Provided information>
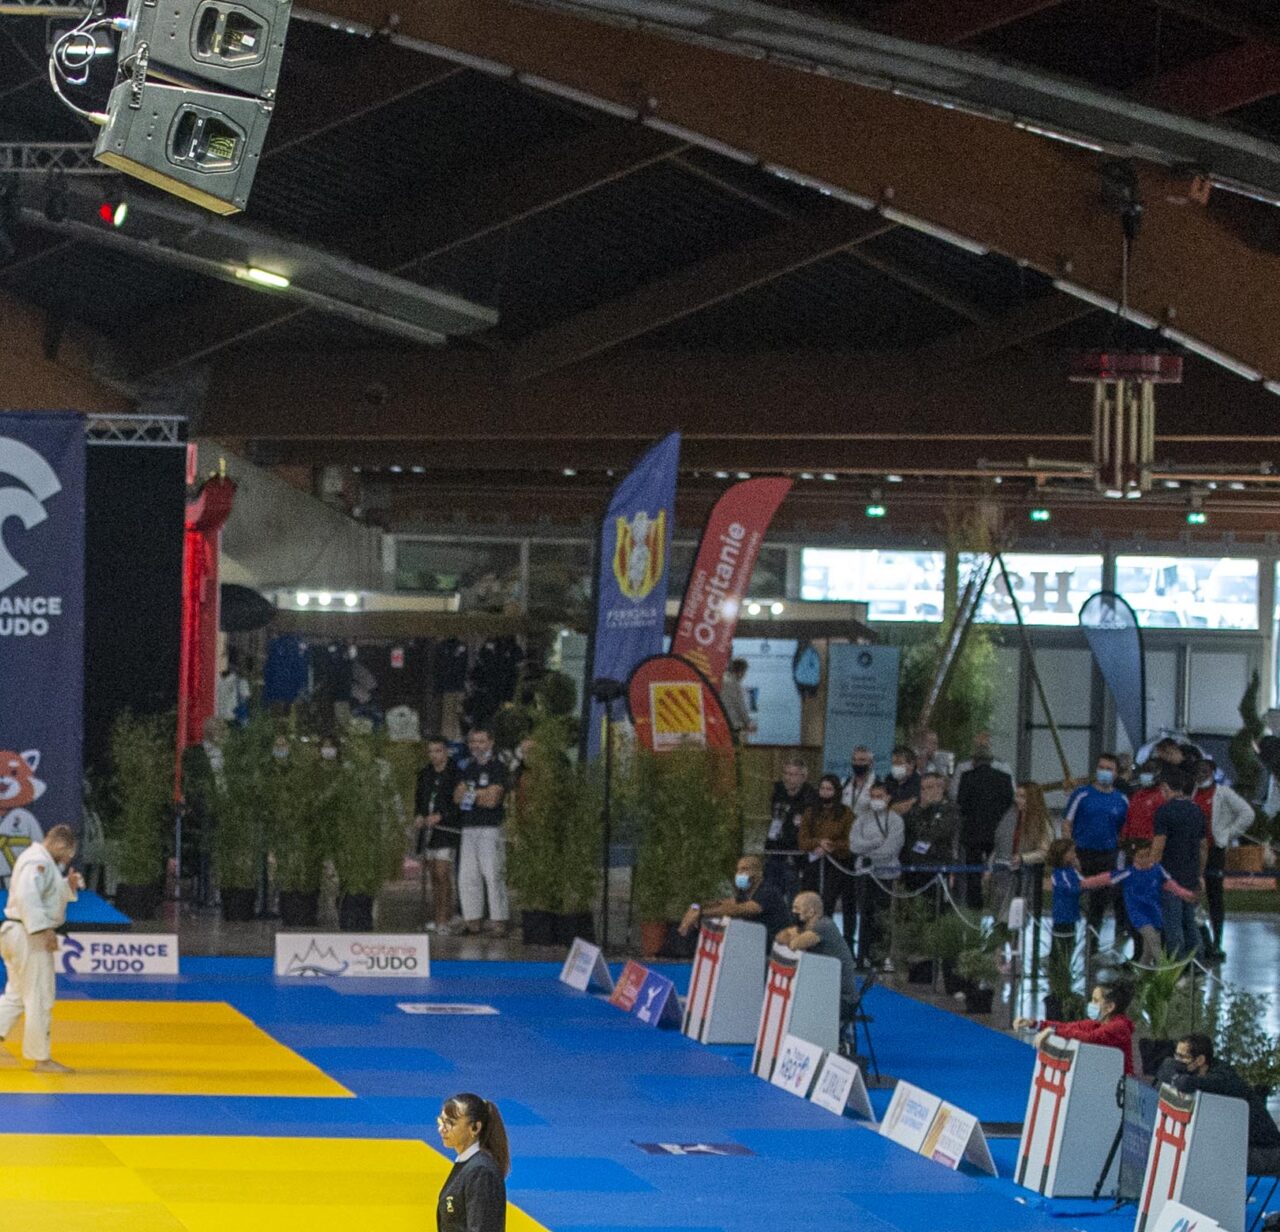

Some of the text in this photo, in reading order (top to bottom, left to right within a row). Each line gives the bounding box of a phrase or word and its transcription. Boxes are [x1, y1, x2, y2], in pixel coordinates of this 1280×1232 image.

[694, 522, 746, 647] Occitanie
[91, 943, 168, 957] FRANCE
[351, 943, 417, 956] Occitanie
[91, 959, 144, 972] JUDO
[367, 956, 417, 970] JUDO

Work task>
Output the records above exactly; leave out the pictures.

Solution below>
Some of the text in this photo, in reading order (top to bottom, left to right within a row). Each line gives the bounding box of a phrase or word and its transcription. Boxes are [x1, y1, x2, y2], in pixel coordinates of this 1280×1232 image.

[694, 522, 746, 647] Occitanie
[91, 943, 168, 957] FRANCE
[351, 943, 417, 956] Occitanie
[91, 959, 144, 972] JUDO
[367, 956, 417, 970] JUDO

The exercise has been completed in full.